Which, naturally, makes all of us brave for simply breathing. Full stop. The act of mere living, many days, requires a courage and resolve that we don’t celebrate often or wildly enough. So let me remind you, person reading this, that you are brave for getting out of your bed this morning. You are brave for choosing to live through another day. You’re brave for putting labor into anything you care about, and you’re brave for caring. You’re brave for living in a world where you know you might—and probably will—lose some of the people you love. You’re brave for continuing to love those people, maybe even harder, in the face of that knowledge and the inevitable pain it will eventually bring.

And so maybe this is what folks mean when they say brave. It’s not code for “fearless” or “stoic,” but on the contrary: it’s a celebration of sensitivity, of the private and starry-eyed hunger we all feel for this life, of the desire to seek change and development in the face of loneliness or grief. It’s the determination to search for beauty in the chaos of our wonderful, disastrous planet. It's being adventurous, and honest, and vulnerable, especially when you don’t know where those actions may lead.

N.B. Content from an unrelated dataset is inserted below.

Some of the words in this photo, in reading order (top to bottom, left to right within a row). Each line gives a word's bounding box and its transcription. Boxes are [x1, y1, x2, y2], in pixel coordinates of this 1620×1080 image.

And so, reader, in the spirit of our collective fear, I challenge you: pursue one unnerving impulse today. Act on something. Take a risk. Tell the truth. Whether you’re reminding your high school English teacher what an impact she made on your life or whether you’re selling all of your earthly possessions and joining Scientology (please don’t actually do that), go out on that limb. Even if it’s a little one. And if you’re feeling proud, drop me a line about it. Help keep me accountable to my own directives, too.

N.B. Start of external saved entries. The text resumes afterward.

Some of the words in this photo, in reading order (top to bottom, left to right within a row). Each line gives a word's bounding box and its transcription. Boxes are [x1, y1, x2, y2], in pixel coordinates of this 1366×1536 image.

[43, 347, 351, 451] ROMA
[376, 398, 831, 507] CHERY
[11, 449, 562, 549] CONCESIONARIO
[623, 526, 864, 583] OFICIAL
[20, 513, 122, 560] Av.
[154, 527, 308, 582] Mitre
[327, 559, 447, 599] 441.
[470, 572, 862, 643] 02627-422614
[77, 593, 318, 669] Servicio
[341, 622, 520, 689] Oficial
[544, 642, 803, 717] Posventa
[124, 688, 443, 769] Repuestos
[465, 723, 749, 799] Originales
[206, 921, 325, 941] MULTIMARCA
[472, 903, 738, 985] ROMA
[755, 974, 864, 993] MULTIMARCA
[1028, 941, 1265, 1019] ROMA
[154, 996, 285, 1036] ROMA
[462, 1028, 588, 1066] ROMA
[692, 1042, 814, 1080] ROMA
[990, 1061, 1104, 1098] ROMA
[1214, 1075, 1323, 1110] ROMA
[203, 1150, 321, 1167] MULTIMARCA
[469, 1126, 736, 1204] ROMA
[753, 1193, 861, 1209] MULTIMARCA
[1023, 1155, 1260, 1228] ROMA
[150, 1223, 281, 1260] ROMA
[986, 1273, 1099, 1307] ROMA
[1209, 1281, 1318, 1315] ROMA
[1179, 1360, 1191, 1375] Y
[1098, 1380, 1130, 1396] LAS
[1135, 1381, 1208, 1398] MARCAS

As always, thank you for reading.


- "Running Scared," or how I feel on a daily basis, from Roy Orbison's Black and White Night (1988)

Tuesday, August 13, 2019

On Female Friendship (or, why I drive with the windows down)

“You can’t take my peace, bitch!” she shouted to the Acura that had cut us off in sweaty, tangled Baltimore traffic. The three of us were driving to the airport after a much-too-brief 48 hours together in deep Maryland, a place where the hot air hung thick and green beneath countless Trump flags and sputtering two-engine planes.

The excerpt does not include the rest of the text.